Problem.
Look for "this 900×1600 image." in the listing below, then copy exactly the line it appears in and all lines after it to the end, and nothing more.

Given data.
.....

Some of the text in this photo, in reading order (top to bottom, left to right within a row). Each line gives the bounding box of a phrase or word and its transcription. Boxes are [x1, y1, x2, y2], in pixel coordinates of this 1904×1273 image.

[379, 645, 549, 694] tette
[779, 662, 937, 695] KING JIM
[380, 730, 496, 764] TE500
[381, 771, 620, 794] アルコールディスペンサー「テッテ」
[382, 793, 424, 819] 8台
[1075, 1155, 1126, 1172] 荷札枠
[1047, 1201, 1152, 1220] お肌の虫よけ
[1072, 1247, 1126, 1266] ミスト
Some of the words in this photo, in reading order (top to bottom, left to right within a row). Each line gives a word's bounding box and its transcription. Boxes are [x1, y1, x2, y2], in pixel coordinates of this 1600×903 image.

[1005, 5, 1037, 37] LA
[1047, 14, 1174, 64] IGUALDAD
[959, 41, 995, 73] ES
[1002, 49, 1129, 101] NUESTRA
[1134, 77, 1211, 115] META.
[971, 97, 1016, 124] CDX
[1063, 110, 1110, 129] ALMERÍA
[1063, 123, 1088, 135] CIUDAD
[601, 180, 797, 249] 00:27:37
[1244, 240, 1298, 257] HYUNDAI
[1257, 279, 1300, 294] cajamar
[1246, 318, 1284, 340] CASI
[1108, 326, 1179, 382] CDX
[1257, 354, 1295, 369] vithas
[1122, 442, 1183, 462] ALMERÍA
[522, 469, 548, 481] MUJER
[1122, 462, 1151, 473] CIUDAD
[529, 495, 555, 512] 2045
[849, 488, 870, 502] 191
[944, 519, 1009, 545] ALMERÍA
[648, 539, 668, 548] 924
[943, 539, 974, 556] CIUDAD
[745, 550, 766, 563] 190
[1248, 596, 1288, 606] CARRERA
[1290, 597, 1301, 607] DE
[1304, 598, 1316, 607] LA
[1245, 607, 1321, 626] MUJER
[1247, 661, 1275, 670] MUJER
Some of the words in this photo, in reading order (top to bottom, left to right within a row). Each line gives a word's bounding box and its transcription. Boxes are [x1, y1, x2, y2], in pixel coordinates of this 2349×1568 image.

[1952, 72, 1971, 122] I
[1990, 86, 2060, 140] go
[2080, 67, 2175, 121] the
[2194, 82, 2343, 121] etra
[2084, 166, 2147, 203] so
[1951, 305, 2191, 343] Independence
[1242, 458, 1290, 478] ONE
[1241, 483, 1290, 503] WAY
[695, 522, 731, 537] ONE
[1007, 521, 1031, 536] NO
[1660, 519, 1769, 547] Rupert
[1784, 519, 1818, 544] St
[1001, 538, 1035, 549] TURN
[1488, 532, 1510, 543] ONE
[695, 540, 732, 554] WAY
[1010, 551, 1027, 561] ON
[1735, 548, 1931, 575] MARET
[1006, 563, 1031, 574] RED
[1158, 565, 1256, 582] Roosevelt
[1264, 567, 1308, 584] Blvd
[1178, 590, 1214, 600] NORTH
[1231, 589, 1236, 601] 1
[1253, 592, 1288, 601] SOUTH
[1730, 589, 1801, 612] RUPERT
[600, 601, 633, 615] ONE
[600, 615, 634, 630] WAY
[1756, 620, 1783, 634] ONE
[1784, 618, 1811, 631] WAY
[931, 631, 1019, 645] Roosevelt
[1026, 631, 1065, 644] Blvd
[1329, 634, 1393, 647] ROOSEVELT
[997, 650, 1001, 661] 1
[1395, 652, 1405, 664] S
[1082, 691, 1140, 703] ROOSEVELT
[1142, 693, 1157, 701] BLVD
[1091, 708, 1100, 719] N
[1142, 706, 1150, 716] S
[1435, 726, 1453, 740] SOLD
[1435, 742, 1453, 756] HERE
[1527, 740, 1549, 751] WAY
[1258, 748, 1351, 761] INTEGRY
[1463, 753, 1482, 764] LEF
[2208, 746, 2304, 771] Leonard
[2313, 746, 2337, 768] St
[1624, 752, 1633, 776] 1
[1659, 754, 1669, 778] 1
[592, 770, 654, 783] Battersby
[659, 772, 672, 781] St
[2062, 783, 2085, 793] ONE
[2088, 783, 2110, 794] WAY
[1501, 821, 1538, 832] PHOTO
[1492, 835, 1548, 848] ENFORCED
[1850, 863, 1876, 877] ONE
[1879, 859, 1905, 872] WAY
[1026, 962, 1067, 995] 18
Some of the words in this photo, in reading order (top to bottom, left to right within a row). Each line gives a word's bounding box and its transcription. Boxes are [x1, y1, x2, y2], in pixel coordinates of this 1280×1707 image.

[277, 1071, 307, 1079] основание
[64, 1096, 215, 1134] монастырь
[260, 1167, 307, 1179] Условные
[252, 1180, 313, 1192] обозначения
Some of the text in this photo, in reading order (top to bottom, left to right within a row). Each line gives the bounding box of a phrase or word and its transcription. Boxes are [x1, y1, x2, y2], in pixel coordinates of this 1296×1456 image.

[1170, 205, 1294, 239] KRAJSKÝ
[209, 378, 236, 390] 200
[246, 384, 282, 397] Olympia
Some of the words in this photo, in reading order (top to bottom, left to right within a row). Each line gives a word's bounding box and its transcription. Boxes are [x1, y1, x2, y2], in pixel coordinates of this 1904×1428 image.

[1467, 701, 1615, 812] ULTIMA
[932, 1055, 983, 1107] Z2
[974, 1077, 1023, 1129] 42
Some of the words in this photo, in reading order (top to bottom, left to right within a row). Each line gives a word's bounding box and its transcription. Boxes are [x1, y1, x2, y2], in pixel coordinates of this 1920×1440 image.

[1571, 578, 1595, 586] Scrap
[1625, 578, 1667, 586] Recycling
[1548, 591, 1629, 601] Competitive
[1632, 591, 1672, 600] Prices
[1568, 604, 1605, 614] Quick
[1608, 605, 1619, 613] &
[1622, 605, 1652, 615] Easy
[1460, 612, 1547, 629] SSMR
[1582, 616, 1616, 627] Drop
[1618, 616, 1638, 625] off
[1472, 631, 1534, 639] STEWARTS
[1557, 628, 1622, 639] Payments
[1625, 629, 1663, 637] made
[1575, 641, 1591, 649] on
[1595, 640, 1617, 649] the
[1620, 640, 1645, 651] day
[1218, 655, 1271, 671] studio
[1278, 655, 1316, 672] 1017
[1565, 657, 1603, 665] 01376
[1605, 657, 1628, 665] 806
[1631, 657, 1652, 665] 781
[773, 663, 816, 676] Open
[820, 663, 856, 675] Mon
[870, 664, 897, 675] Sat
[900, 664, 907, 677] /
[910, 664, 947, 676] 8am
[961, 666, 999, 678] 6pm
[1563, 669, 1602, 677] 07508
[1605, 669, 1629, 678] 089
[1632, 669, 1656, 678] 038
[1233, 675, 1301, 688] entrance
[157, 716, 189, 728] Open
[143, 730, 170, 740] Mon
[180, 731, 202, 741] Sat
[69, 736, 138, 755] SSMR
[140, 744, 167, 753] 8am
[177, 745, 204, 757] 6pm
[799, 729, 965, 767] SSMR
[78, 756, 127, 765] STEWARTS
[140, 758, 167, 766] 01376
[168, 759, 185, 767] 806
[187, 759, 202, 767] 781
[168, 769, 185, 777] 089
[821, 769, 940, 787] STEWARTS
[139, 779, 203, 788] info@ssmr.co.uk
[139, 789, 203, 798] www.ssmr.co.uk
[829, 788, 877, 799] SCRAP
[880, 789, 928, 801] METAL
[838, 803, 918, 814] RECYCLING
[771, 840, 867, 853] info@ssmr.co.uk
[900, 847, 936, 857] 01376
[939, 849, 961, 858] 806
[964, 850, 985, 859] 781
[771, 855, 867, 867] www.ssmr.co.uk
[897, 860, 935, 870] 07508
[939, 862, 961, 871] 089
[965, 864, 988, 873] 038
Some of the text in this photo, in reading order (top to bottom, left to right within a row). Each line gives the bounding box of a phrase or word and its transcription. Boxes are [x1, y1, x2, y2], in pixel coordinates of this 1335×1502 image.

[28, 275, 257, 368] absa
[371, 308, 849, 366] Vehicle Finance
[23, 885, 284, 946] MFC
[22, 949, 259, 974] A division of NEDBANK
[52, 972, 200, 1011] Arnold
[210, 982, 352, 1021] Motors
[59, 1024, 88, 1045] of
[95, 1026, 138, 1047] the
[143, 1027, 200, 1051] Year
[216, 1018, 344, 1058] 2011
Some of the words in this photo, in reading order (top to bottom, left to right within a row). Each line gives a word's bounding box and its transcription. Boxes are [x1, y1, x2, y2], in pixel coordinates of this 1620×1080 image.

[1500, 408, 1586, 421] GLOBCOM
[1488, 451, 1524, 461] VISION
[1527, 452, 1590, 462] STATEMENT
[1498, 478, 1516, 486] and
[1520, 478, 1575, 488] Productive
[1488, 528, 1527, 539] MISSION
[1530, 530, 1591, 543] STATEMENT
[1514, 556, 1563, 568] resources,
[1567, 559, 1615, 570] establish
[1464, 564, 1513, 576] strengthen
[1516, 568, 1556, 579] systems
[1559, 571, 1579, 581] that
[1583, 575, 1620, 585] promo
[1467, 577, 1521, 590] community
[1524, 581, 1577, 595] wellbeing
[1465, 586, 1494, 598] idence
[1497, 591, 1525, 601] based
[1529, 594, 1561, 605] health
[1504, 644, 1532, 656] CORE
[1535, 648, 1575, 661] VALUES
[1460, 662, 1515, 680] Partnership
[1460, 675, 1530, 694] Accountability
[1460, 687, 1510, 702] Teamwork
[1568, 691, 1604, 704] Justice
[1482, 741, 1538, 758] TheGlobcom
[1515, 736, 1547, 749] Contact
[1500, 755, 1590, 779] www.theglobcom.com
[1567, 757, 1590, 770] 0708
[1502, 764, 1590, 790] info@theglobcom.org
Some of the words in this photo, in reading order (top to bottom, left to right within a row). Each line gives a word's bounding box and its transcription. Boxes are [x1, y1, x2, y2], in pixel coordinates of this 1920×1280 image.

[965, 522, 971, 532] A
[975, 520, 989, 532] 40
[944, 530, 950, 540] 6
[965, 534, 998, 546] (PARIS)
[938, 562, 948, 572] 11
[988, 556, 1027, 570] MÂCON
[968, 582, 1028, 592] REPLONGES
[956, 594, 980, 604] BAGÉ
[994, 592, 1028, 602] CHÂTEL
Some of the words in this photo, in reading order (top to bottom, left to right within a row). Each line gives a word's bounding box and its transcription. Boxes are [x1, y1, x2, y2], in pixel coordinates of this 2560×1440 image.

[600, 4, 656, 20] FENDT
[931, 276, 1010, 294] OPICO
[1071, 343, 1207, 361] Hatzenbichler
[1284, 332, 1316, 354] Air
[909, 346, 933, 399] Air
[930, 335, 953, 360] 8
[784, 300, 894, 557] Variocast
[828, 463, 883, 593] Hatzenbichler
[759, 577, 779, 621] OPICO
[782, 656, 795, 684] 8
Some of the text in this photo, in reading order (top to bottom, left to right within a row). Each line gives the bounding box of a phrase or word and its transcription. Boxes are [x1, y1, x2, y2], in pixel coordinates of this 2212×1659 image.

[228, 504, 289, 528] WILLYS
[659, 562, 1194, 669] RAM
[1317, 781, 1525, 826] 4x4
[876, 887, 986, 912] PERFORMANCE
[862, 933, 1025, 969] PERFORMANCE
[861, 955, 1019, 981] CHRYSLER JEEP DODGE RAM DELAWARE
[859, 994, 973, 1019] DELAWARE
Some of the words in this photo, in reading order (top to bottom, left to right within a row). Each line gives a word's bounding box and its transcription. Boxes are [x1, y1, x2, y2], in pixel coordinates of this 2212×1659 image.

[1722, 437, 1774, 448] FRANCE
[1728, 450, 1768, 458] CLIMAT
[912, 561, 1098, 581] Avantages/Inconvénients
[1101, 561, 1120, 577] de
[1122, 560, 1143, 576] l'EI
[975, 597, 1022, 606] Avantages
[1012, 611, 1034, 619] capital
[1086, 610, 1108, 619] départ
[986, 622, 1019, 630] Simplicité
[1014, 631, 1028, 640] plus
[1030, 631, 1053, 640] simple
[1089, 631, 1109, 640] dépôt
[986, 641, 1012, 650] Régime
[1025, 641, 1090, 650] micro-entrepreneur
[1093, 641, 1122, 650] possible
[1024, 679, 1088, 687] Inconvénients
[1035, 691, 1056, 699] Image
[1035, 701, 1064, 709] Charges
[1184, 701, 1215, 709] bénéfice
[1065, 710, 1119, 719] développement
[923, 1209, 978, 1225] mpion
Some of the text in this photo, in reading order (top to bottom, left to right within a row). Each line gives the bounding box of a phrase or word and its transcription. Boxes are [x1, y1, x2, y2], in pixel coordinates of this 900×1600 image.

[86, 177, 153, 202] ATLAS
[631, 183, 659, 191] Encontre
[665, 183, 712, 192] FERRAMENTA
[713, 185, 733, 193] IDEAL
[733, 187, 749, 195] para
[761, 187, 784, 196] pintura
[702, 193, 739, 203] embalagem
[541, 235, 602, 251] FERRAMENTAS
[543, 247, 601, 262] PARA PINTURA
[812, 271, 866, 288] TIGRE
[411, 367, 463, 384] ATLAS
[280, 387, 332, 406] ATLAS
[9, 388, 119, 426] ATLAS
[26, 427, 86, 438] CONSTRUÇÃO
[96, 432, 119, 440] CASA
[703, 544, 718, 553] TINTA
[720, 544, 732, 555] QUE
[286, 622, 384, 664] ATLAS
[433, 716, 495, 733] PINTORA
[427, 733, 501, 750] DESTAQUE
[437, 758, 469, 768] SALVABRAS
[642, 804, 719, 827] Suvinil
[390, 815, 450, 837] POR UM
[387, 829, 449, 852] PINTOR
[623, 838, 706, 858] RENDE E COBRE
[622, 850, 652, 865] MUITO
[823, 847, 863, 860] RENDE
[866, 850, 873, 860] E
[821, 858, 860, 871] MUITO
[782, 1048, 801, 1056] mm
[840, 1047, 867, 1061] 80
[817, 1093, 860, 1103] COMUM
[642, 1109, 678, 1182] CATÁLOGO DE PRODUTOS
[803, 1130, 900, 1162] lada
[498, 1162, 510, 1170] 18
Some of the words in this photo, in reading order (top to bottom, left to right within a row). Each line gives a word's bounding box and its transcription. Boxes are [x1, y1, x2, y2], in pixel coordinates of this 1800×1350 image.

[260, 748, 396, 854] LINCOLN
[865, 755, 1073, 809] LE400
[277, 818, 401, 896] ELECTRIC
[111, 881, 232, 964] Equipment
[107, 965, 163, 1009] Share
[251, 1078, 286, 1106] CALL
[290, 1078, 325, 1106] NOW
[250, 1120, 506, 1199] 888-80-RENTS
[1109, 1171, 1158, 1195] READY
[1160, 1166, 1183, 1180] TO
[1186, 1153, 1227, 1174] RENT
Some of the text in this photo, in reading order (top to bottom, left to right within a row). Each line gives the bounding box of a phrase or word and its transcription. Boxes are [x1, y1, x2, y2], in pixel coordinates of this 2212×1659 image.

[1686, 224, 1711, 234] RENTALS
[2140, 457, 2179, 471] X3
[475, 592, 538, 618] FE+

.....

Answer to the problem.
Some of the text in this photo, in reading order (top to bottom, left to right within a row). Each line gives the bounding box of a phrase or word and its transcription. Boxes are [x1, y1, x2, y2], in pixel coordinates of this 900×1600 image.

[86, 177, 153, 202] ATLAS
[631, 183, 659, 191] Encontre
[665, 183, 712, 192] FERRAMENTA
[713, 185, 733, 193] IDEAL
[733, 187, 749, 195] para
[761, 187, 784, 196] pintura
[702, 193, 739, 203] embalagem
[541, 235, 602, 251] FERRAMENTAS
[543, 247, 601, 262] PARA PINTURA
[812, 271, 866, 288] TIGRE
[411, 367, 463, 384] ATLAS
[280, 387, 332, 406] ATLAS
[9, 388, 119, 426] ATLAS
[26, 427, 86, 438] CONSTRUÇÃO
[96, 432, 119, 440] CASA
[703, 544, 718, 553] TINTA
[720, 544, 732, 555] QUE
[286, 622, 384, 664] ATLAS
[433, 716, 495, 733] PINTORA
[427, 733, 501, 750] DESTAQUE
[437, 758, 469, 768] SALVABRAS
[642, 804, 719, 827] Suvinil
[390, 815, 450, 837] POR UM
[387, 829, 449, 852] PINTOR
[623, 838, 706, 858] RENDE E COBRE
[622, 850, 652, 865] MUITO
[823, 847, 863, 860] RENDE
[866, 850, 873, 860] E
[821, 858, 860, 871] MUITO
[782, 1048, 801, 1056] mm
[840, 1047, 867, 1061] 80
[817, 1093, 860, 1103] COMUM
[642, 1109, 678, 1182] CATÁLOGO DE PRODUTOS
[803, 1130, 900, 1162] lada
[498, 1162, 510, 1170] 18
Some of the words in this photo, in reading order (top to bottom, left to right within a row). Each line gives a word's bounding box and its transcription. Boxes are [x1, y1, x2, y2], in pixel coordinates of this 1800×1350 image.

[260, 748, 396, 854] LINCOLN
[865, 755, 1073, 809] LE400
[277, 818, 401, 896] ELECTRIC
[111, 881, 232, 964] Equipment
[107, 965, 163, 1009] Share
[251, 1078, 286, 1106] CALL
[290, 1078, 325, 1106] NOW
[250, 1120, 506, 1199] 888-80-RENTS
[1109, 1171, 1158, 1195] READY
[1160, 1166, 1183, 1180] TO
[1186, 1153, 1227, 1174] RENT
Some of the text in this photo, in reading order (top to bottom, left to right within a row). Each line gives the bounding box of a phrase or word and its transcription. Boxes are [x1, y1, x2, y2], in pixel coordinates of this 2212×1659 image.

[1686, 224, 1711, 234] RENTALS
[2140, 457, 2179, 471] X3
[475, 592, 538, 618] FE+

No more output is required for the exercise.